From: Jan Kara <jack@suse.cz>
To: Tejun Heo <tj@kernel.org>
Cc: axboe@kernel.dk, jack@suse.cz, hannes@cmpxchg.org,
mhocko@kernel.org, vdavydov.dev@gmail.com,
cgroups@vger.kernel.org, linux-mm@kvack.org,
linux-block@vger.kernel.org, linux-kernel@vger.kernel.org,
kernel-team@fb.com, guro@fb.com, akpm@linux-foundation.org
Subject: Re: [PATCH 5/5] writeback, memcg: Implement foreign dirty flushing
Date: Tue, 27 Aug 2019 16:47:06 +0200 [thread overview]
Message-ID: <20190827144706.GC10098@quack2.suse.cz> (raw)

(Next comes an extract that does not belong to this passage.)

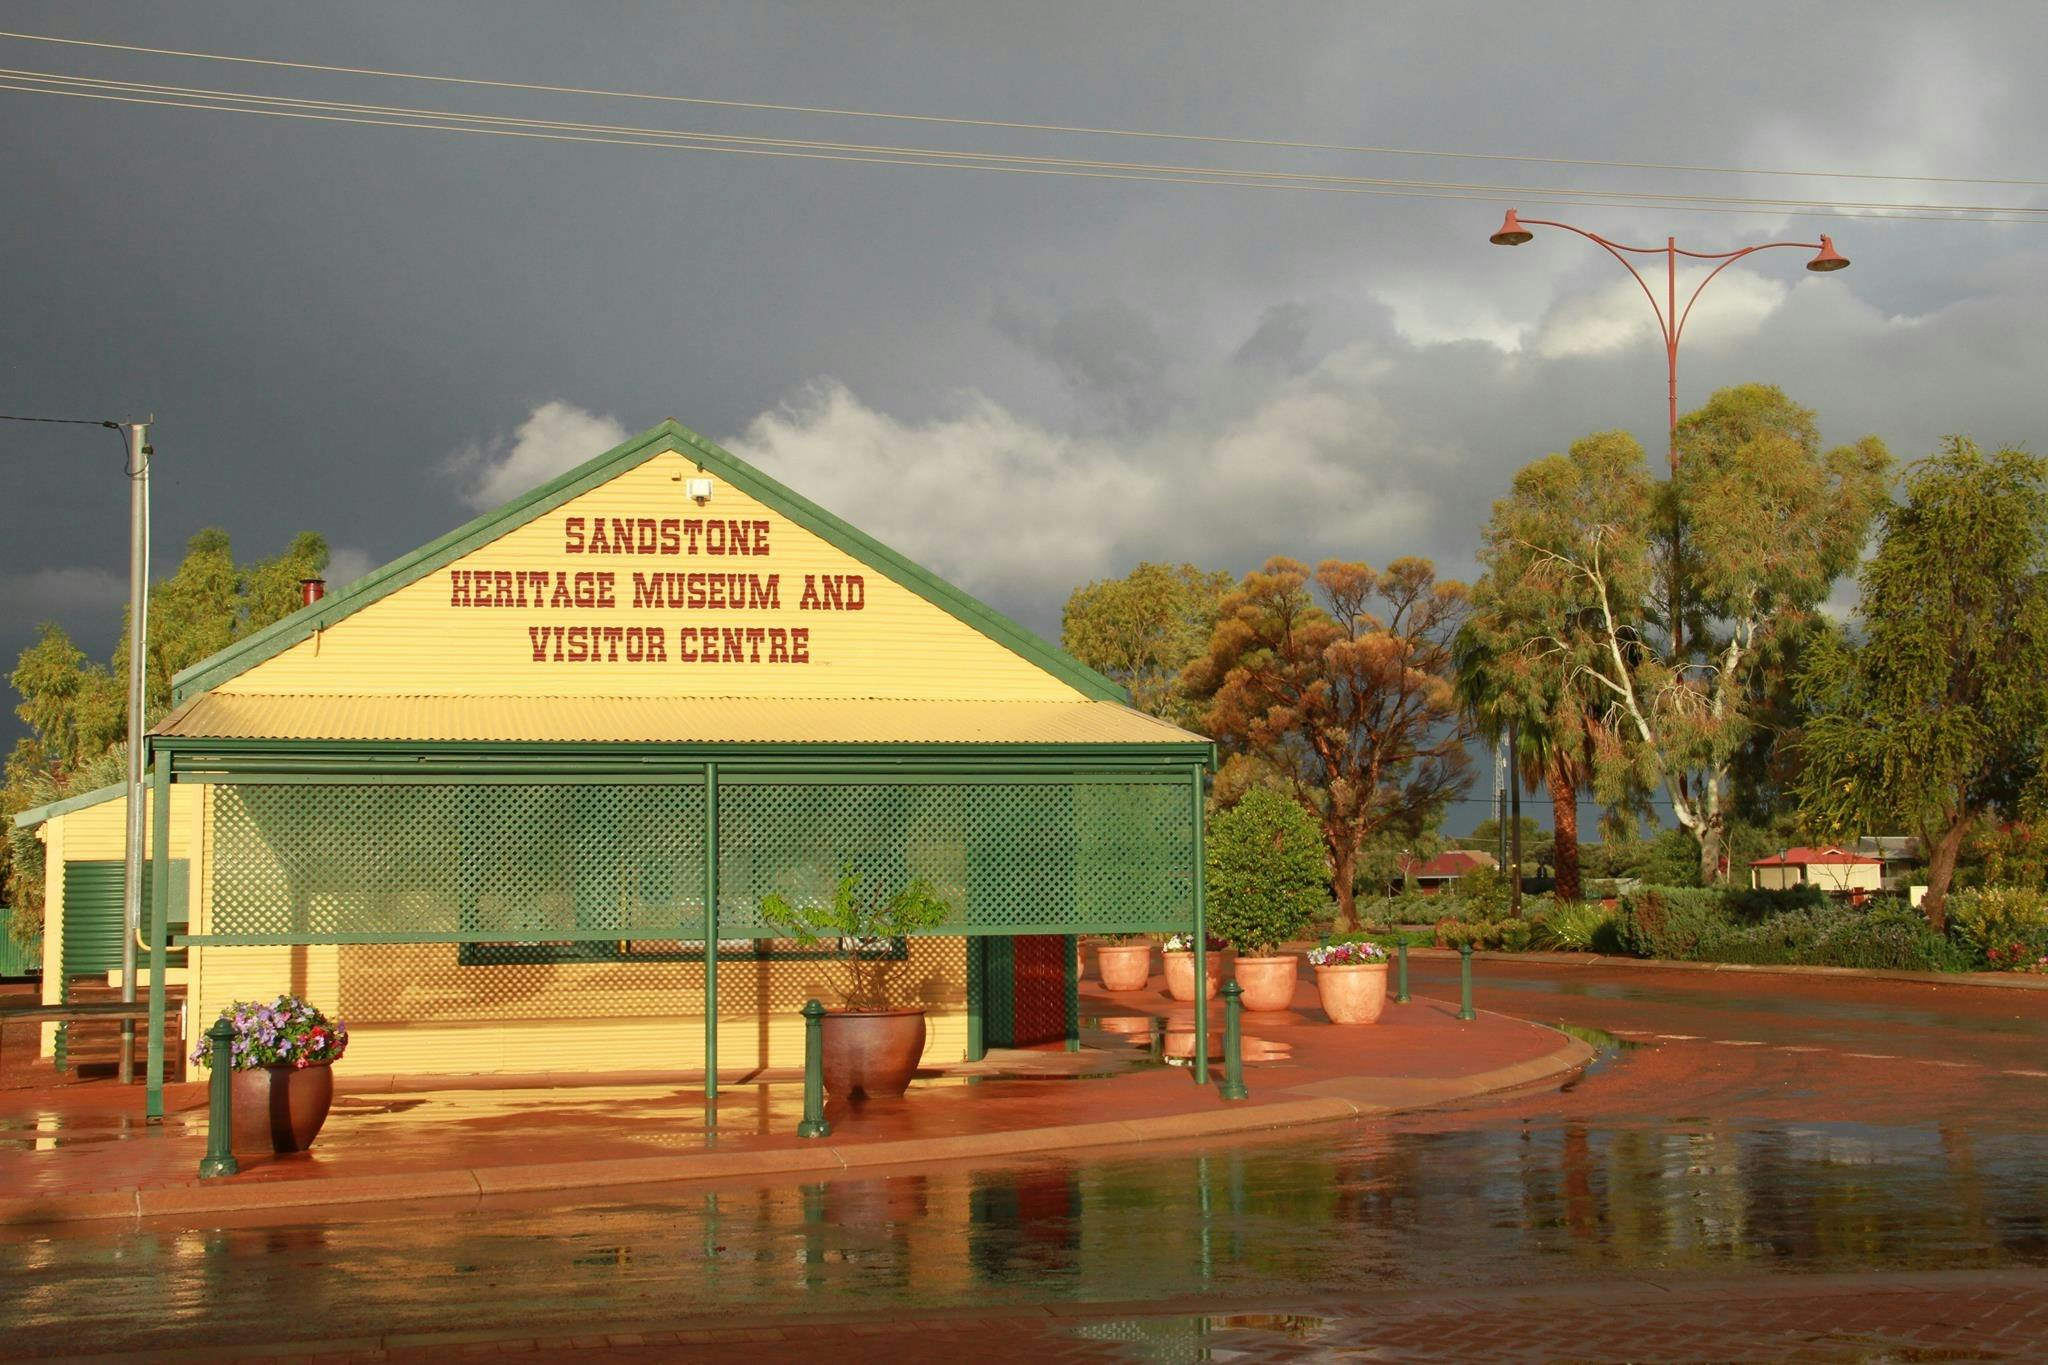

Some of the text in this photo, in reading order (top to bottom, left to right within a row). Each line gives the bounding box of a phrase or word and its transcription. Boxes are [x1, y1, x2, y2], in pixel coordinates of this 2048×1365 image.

In-Reply-To: <20190826160656.870307-6-tj@kernel.org>
On Mon 26-08-19 09:06:56, Tejun Heo wrote:
> There's an inherent mismatch between memcg and writeback. The former
> trackes ownership per-page while the latter per-inode. This was a
> deliberate design decision because honoring per-page ownership in the
> writeback path is complicated, may lead to higher CPU and IO overheads
> and deemed unnecessary given that write-sharing an inode across
> different cgroups isn't a common use-case.
>
> Combined with inode majority-writer ownership switching, this works
> well enough in most cases but there are some pathological cases. For
> example, let's say there are two cgroups A and B which keep writing to
> different but confined parts of the same inode. B owns the inode and
> A's memory is limited far below B's. A's dirty ratio can rise enough
> to trigger balance_dirty_pages() sleeps but B's can be low enough to
> avoid triggering background writeback. A will be slowed down without
> a way to make writeback of the dirty pages happen.
>
> This patch implements foreign dirty recording and foreign mechanism so
> that when a memcg encounters a condition as above it can trigger
> flushes on bdi_writebacks which can clean its pages. Please see the
> comment on top of mem_cgroup_track_foreign_dirty_slowpath() for
> details.
>
> A reproducer follows.
>
> write-range.c::
>
> #include <stdio.h>
> #include <stdlib.h>
> #include <unistd.h>
> #include <fcntl.h>
> #include <sys/types.h>
>
> static const char *usage = "write-range FILE START SIZE\n";
>
> int main(int argc, char **argv)
> {
> int fd;
> unsigned long start, size, end, pos;
> char *endp;
> char buf[4096];
>
> if (argc < 4) {
> fprintf(stderr, usage);
> return 1;
> }
>
> fd = open(argv[1], O_WRONLY);
> if (fd < 0) {
> perror("open");
> return 1;
> }
>
> start = strtoul(argv[2], &endp, 0);
> if (*endp != '\0') {
> fprintf(stderr, usage);
> return 1;
> }
>
> size = strtoul(argv[3], &endp, 0);
> if (*endp != '\0') {
> fprintf(stderr, usage);
> return 1;
> }
>
> end = start + size;
>
> while (1) {
> for (pos = start; pos < end; ) {
> long bread, bwritten = 0;
>
> if (lseek(fd, pos, SEEK_SET) < 0) {
> perror("lseek");
> return 1;
> }
>
> bread = read(0, buf, sizeof(buf) < end - pos ?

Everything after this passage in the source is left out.